— Your task —
Your output must match the records exactly, line for line.
==== Provided material
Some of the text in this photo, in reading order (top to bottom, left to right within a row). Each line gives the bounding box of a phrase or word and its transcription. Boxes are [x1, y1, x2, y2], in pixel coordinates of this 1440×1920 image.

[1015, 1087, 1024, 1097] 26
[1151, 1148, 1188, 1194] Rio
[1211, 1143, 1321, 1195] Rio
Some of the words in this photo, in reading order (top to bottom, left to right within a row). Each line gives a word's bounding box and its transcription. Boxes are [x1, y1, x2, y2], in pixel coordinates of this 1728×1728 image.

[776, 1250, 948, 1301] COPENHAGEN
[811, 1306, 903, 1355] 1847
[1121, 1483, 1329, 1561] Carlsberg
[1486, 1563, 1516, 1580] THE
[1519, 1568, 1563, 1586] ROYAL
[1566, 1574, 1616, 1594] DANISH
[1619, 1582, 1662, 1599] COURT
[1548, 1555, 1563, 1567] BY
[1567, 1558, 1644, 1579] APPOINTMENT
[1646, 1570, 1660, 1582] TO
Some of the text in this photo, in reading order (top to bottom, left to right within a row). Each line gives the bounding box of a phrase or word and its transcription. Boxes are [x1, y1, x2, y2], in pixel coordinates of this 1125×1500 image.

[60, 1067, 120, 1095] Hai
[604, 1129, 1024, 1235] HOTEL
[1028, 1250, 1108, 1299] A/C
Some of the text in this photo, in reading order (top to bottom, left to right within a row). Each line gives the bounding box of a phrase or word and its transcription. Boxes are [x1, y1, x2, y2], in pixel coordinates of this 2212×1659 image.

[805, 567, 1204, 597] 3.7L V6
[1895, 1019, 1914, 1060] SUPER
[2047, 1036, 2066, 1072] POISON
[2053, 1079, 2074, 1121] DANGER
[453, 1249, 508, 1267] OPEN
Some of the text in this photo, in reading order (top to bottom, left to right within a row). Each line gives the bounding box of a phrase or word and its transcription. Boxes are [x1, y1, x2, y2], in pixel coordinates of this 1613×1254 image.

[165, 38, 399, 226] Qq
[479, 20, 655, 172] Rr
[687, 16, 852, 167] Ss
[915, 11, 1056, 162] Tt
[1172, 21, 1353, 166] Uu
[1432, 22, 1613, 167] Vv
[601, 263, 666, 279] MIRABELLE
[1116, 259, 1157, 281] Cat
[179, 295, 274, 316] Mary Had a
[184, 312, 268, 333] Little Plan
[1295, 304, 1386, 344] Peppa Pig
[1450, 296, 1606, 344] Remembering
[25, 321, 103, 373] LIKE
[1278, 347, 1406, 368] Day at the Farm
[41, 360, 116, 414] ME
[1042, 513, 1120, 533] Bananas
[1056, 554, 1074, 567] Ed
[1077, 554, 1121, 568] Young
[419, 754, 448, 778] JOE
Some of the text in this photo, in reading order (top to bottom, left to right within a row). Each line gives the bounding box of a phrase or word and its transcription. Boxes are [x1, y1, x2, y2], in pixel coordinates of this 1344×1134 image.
========
— Answer box —
Some of the text in this photo, in reading order (top to bottom, left to right within a row). Each line gives the bounding box of a phrase or word and its transcription. Boxes are [x1, y1, x2, y2], in pixel coordinates of this 1440×1920 image.

[1015, 1087, 1024, 1097] 26
[1151, 1148, 1188, 1194] Rio
[1211, 1143, 1321, 1195] Rio
Some of the words in this photo, in reading order (top to bottom, left to right within a row). Each line gives a word's bounding box and its transcription. Boxes are [x1, y1, x2, y2], in pixel coordinates of this 1728×1728 image.

[776, 1250, 948, 1301] COPENHAGEN
[811, 1306, 903, 1355] 1847
[1121, 1483, 1329, 1561] Carlsberg
[1486, 1563, 1516, 1580] THE
[1519, 1568, 1563, 1586] ROYAL
[1566, 1574, 1616, 1594] DANISH
[1619, 1582, 1662, 1599] COURT
[1548, 1555, 1563, 1567] BY
[1567, 1558, 1644, 1579] APPOINTMENT
[1646, 1570, 1660, 1582] TO
Some of the text in this photo, in reading order (top to bottom, left to right within a row). Each line gives the bounding box of a phrase or word and its transcription. Boxes are [x1, y1, x2, y2], in pixel coordinates of this 1125×1500 image.

[60, 1067, 120, 1095] Hai
[604, 1129, 1024, 1235] HOTEL
[1028, 1250, 1108, 1299] A/C
Some of the text in this photo, in reading order (top to bottom, left to right within a row). Each line gives the bounding box of a phrase or word and its transcription. Boxes are [x1, y1, x2, y2], in pixel coordinates of this 2212×1659 image.

[805, 567, 1204, 597] 3.7L V6
[1895, 1019, 1914, 1060] SUPER
[2047, 1036, 2066, 1072] POISON
[2053, 1079, 2074, 1121] DANGER
[453, 1249, 508, 1267] OPEN
Some of the text in this photo, in reading order (top to bottom, left to right within a row). Each line gives the bounding box of a phrase or word and its transcription. Boxes are [x1, y1, x2, y2], in pixel coordinates of this 1613×1254 image.

[165, 38, 399, 226] Qq
[479, 20, 655, 172] Rr
[687, 16, 852, 167] Ss
[915, 11, 1056, 162] Tt
[1172, 21, 1353, 166] Uu
[1432, 22, 1613, 167] Vv
[601, 263, 666, 279] MIRABELLE
[1116, 259, 1157, 281] Cat
[179, 295, 274, 316] Mary Had a
[184, 312, 268, 333] Little Plan
[1295, 304, 1386, 344] Peppa Pig
[1450, 296, 1606, 344] Remembering
[25, 321, 103, 373] LIKE
[1278, 347, 1406, 368] Day at the Farm
[41, 360, 116, 414] ME
[1042, 513, 1120, 533] Bananas
[1056, 554, 1074, 567] Ed
[1077, 554, 1121, 568] Young
[419, 754, 448, 778] JOE
Some of the text in this photo, in reading order (top to bottom, left to right within a row). Each line gives the bounding box of a phrase or word and its transcription. Boxes are [x1, y1, x2, y2], in pixel coordinates of this 1344×1134 image.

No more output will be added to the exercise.